Neil Hughes of Apple​ Insider believes this won't just be an upgrade over the Apple Watch – a device whose health mechanisms were hampered more by Apple's design team, reported Bob Messerschmidt, a former Apple executive who helped develop the Watch, than available technology.

"I went to a meeting," noted Messerschmidt, according to Fast Company, "and said 'I'm going to put sensors in the watch but I'm going to put them down here (he points to the underside of the Apple Watch band he's wearing) because I can get a more accurate reading on the bottom of the wrist than I can get on the top of the wrist.' They (the Industrial Design group) said very quickly that 'That's not the design trend; that's not the fashion trend. We want to have interchangeable bands so we don't want to have any sensors in the band."

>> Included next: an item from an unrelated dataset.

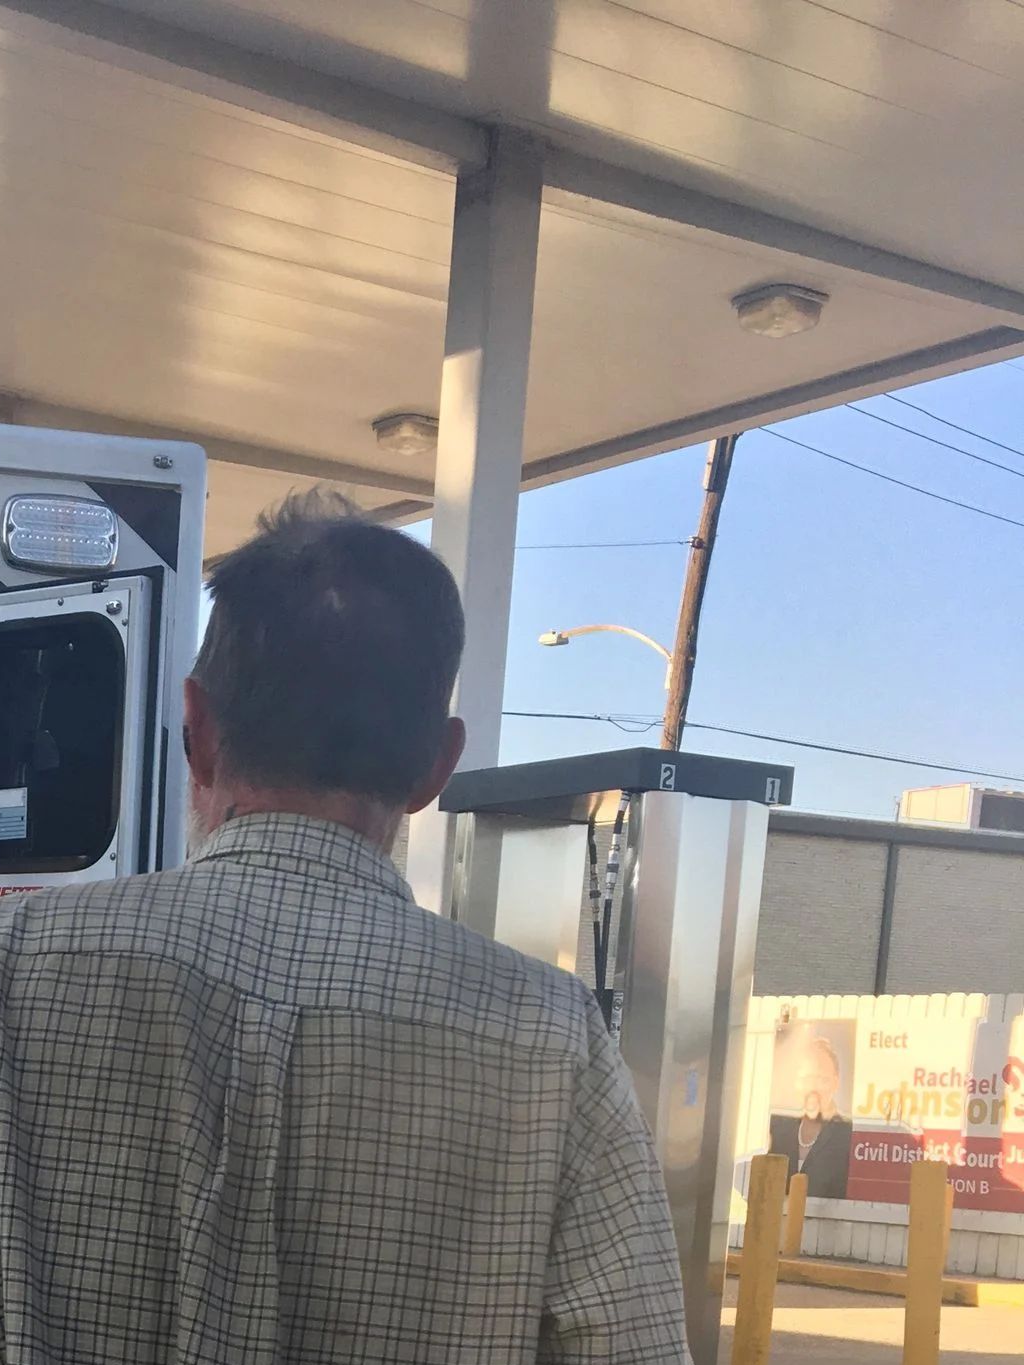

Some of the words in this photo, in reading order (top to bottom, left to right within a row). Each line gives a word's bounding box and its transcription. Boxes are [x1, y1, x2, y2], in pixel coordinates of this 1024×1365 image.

From the beginning, the Apple Watch was limited in its ability to accurately track a person's health. Even after Messerschmidt proposed changes to incorporate fashion trends, such as placing the sensor at the top of watch, designers refuted the idea because "that's not how people wear watches." Instead, they "wear them really floppy on their wrist," Messerschmidt said.

It doesn't appear that a possible new Apple product that's solely focused on health care will face the same problems the Apple Watch encountered. In fact, the more information that leaks about the project, the more it appears the Apple Watch could have been just a stopgap between testing the waters in health-tracking technology and the real deal. That's at least the idea Hughes proposed when he said that Apple Watch was just part of Steve Job's original vision to fill the gap between provider and patient.